Ginny Oshiro Research Program

Researcher Biography

Ginny Oshiro (she/her) is a formerly incarcerated scholar working toward her doctoral degree at UC Irvine in the Criminology, Law & Society program in the School of Social Ecology. She is a current National Health Policy Research Scholar and a Women's Policy Institute Alum. 

As a formerly incarcerated scholar, Ginny has learned that her lived experience is connected to larger communities and societal structures. The realization that she and her community were being impacted by the criminalization of addiction, the deinstitutionalization and criminalization of mental illness, the making of mass incarceration, and the construction of a refractory criminal justice system that was never made to support already disenfranchised populations, radically altered her personal and academic trajectory. This injustice has fueled Ginny’s passion for critical examination of criminal justice policies and practices that are both product and cause of the oppression of vulnerable communities. 

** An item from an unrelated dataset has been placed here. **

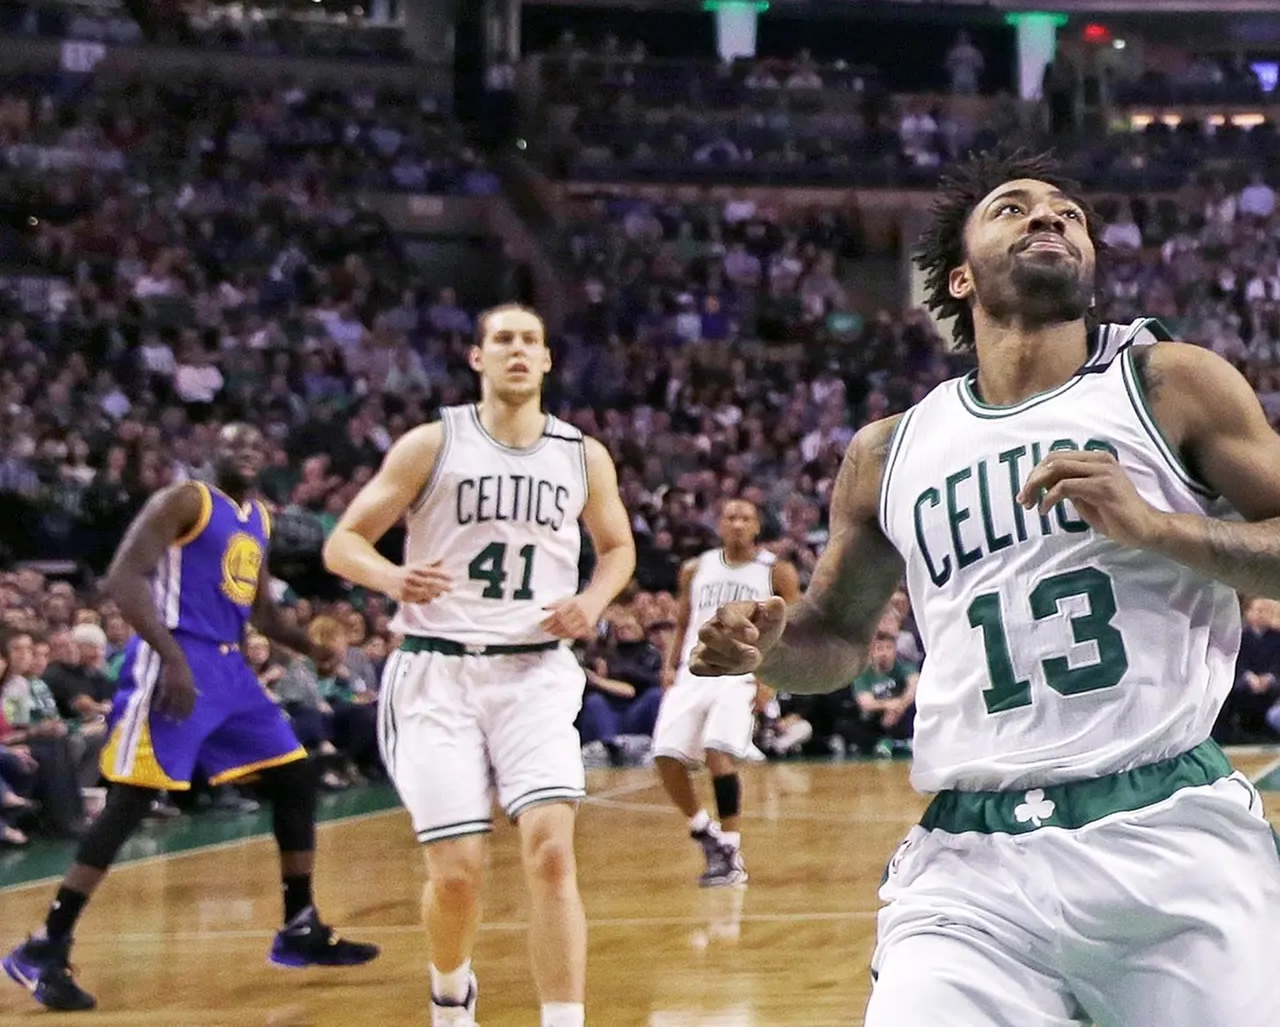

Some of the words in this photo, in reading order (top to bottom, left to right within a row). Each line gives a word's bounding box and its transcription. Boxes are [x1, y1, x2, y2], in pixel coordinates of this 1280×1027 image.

Because research has often been the catalyst for meaningful reforms in the criminal justice system, she wishes to create an opportunity for change through such policies and practices.

Research Interests

Carceral Systems in the United States

Ginny’s research interests involve evaluating the role of healing and transformative programs in US prisons. The United States has a complicated history regarding opportunities for rehabilitation in carceral facilitites. When attempting to understand the role of rehabilition in prisons across the US, Ginny often comes up against the question, "What is the purpose of prison?" 

CALIFORNIA PRISONS

Ginny is specifically interested in California careceral systems given the unique nature of size, scope, and policies governing and impacting the system. California has been a progressive leader in many ways. However, its justice policies have yet to reflect "California values." California currently has 32 prisons in operation and has an annual operating budget exceeding $13+billion. 

DISSERATION PROJECT

We know that those who are at risk of becoming incarcerated are often impacted by trauma. Additionally, we must keep in mind the significance of environmental stressors unique to prison conditions, such as isolation, punitive sanctions, and severely restricted and deplorable living conditions. Therefore, it is not surprising that the third leading cause of death in U.S. prisons is suicide, exceeded only by natural deaths and deaths from AIDS. California prisons have the sad distinction of having the highest suicide rates in the country. Community-based in-prison program providers play a critical role in the lives of incarcerated people by providing healing and transformative programs, a bridge to the community through community leaders, and a safe and secure space within the confines of incarceration. Beyond the healing that happens in programs, programs and program providers provide connection and hope in an otherwise seemingly hopeless landscape.